Aim of the task: Output the complete listing exactly, please, and keep the pictures out of it.

Information provided:
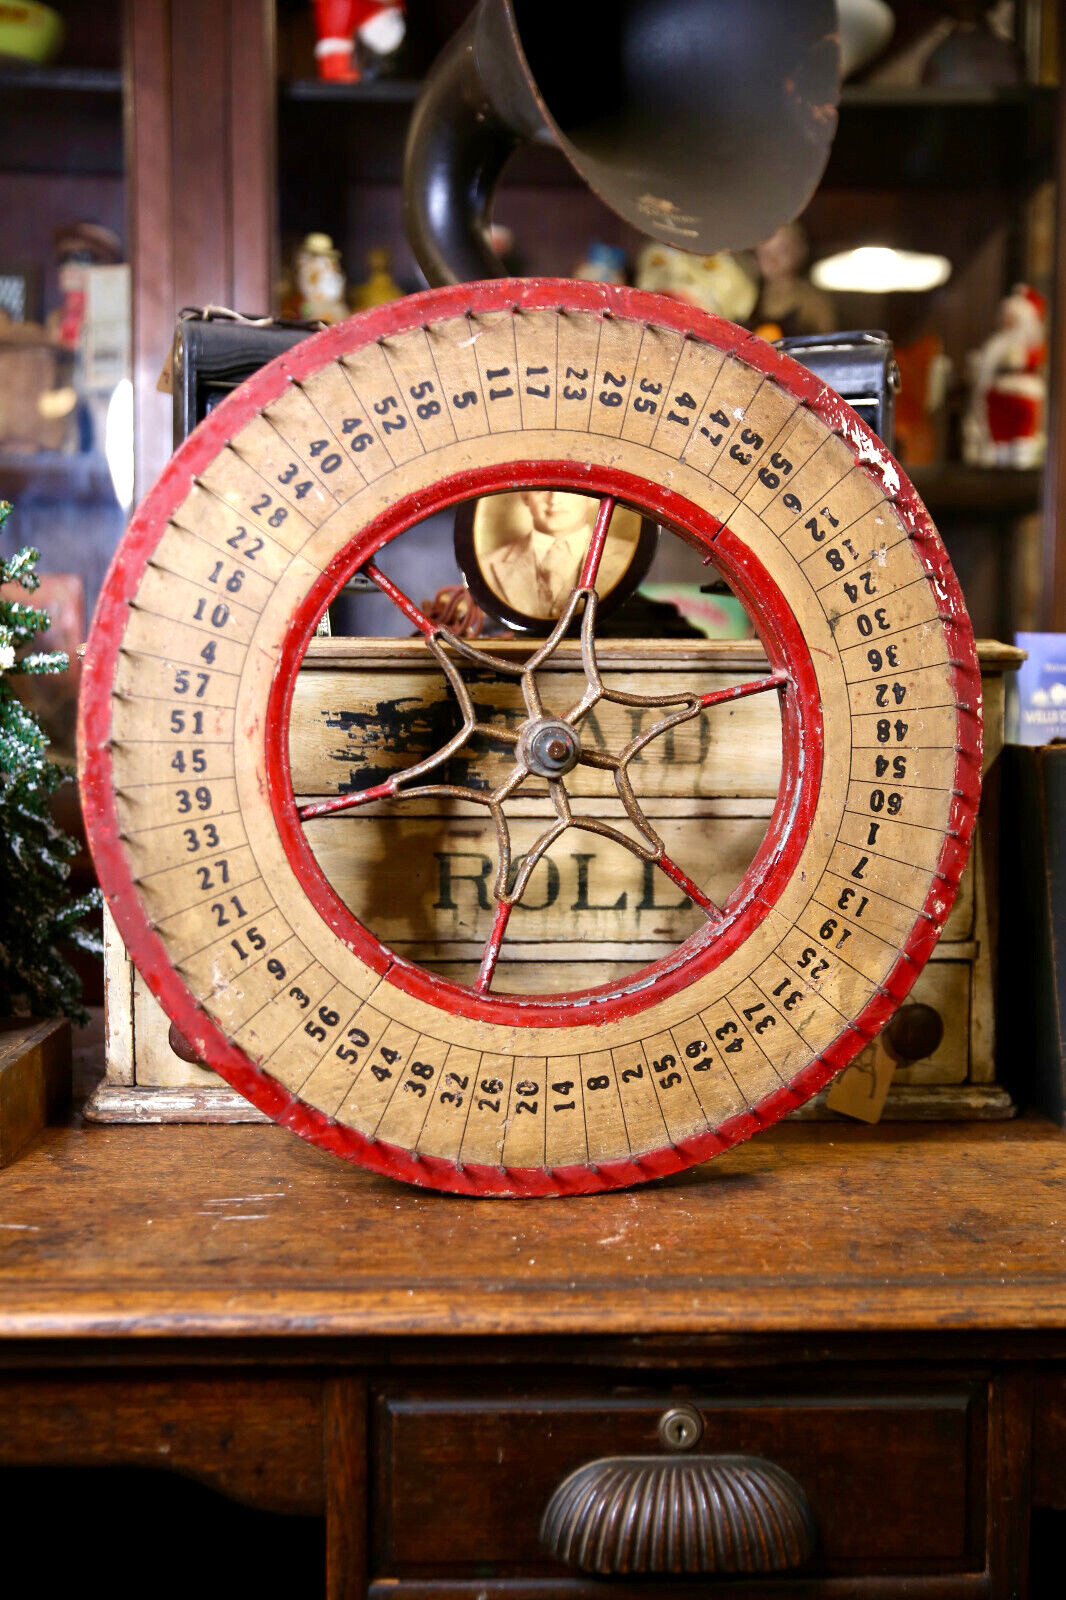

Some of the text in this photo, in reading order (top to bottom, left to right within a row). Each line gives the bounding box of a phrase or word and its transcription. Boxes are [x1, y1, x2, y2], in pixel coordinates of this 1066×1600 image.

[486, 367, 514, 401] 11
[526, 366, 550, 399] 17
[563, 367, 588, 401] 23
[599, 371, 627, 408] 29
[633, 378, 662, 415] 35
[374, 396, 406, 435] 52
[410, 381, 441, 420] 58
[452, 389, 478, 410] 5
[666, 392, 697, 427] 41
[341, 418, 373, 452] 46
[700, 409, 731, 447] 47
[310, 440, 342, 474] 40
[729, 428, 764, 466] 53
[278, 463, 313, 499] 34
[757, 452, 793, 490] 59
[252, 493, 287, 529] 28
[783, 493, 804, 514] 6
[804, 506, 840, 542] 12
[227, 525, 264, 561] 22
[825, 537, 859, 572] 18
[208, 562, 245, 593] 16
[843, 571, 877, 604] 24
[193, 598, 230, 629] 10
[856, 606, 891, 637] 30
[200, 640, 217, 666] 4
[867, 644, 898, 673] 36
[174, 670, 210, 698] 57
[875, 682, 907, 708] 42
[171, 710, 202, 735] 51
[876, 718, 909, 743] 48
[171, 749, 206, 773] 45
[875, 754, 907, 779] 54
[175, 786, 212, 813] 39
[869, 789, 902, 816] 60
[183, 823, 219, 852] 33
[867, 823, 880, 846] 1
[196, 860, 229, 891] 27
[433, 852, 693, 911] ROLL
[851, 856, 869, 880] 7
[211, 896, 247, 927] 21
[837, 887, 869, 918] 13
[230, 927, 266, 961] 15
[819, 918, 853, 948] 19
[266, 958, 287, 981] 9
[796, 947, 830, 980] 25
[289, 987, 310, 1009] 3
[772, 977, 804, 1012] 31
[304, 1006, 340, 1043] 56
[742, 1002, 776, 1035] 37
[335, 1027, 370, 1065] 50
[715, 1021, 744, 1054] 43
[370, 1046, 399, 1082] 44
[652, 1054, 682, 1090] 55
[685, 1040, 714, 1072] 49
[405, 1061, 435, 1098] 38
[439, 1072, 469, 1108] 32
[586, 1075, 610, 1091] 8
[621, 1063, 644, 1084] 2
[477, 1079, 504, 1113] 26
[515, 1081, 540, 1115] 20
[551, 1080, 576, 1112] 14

Output of the task:
Some of the text in this photo, in reading order (top to bottom, left to right within a row). Each line gives the bounding box of a phrase or word and its transcription. Boxes are [x1, y1, x2, y2], in pixel coordinates of this 1066×1600 image.

[486, 367, 514, 401] 11
[526, 366, 550, 399] 17
[563, 367, 588, 401] 23
[599, 371, 627, 408] 29
[633, 378, 662, 415] 35
[374, 396, 406, 435] 52
[410, 381, 441, 420] 58
[452, 389, 478, 410] 5
[666, 392, 697, 427] 41
[341, 418, 373, 452] 46
[700, 409, 731, 447] 47
[310, 440, 342, 474] 40
[729, 428, 764, 466] 53
[278, 463, 313, 499] 34
[757, 452, 793, 490] 59
[252, 493, 287, 529] 28
[783, 493, 804, 514] 6
[804, 506, 840, 542] 12
[227, 525, 264, 561] 22
[825, 537, 859, 572] 18
[208, 562, 245, 593] 16
[843, 571, 877, 604] 24
[193, 598, 230, 629] 10
[856, 606, 891, 637] 30
[200, 640, 217, 666] 4
[867, 644, 898, 673] 36
[174, 670, 210, 698] 57
[875, 682, 907, 708] 42
[171, 710, 202, 735] 51
[876, 718, 909, 743] 48
[171, 749, 206, 773] 45
[875, 754, 907, 779] 54
[175, 786, 212, 813] 39
[869, 789, 902, 816] 60
[183, 823, 219, 852] 33
[867, 823, 880, 846] 1
[196, 860, 229, 891] 27
[433, 852, 693, 911] ROLL
[851, 856, 869, 880] 7
[211, 896, 247, 927] 21
[837, 887, 869, 918] 13
[230, 927, 266, 961] 15
[819, 918, 853, 948] 19
[266, 958, 287, 981] 9
[796, 947, 830, 980] 25
[289, 987, 310, 1009] 3
[772, 977, 804, 1012] 31
[304, 1006, 340, 1043] 56
[742, 1002, 776, 1035] 37
[335, 1027, 370, 1065] 50
[715, 1021, 744, 1054] 43
[370, 1046, 399, 1082] 44
[652, 1054, 682, 1090] 55
[685, 1040, 714, 1072] 49
[405, 1061, 435, 1098] 38
[439, 1072, 469, 1108] 32
[586, 1075, 610, 1091] 8
[621, 1063, 644, 1084] 2
[477, 1079, 504, 1113] 26
[515, 1081, 540, 1115] 20
[551, 1080, 576, 1112] 14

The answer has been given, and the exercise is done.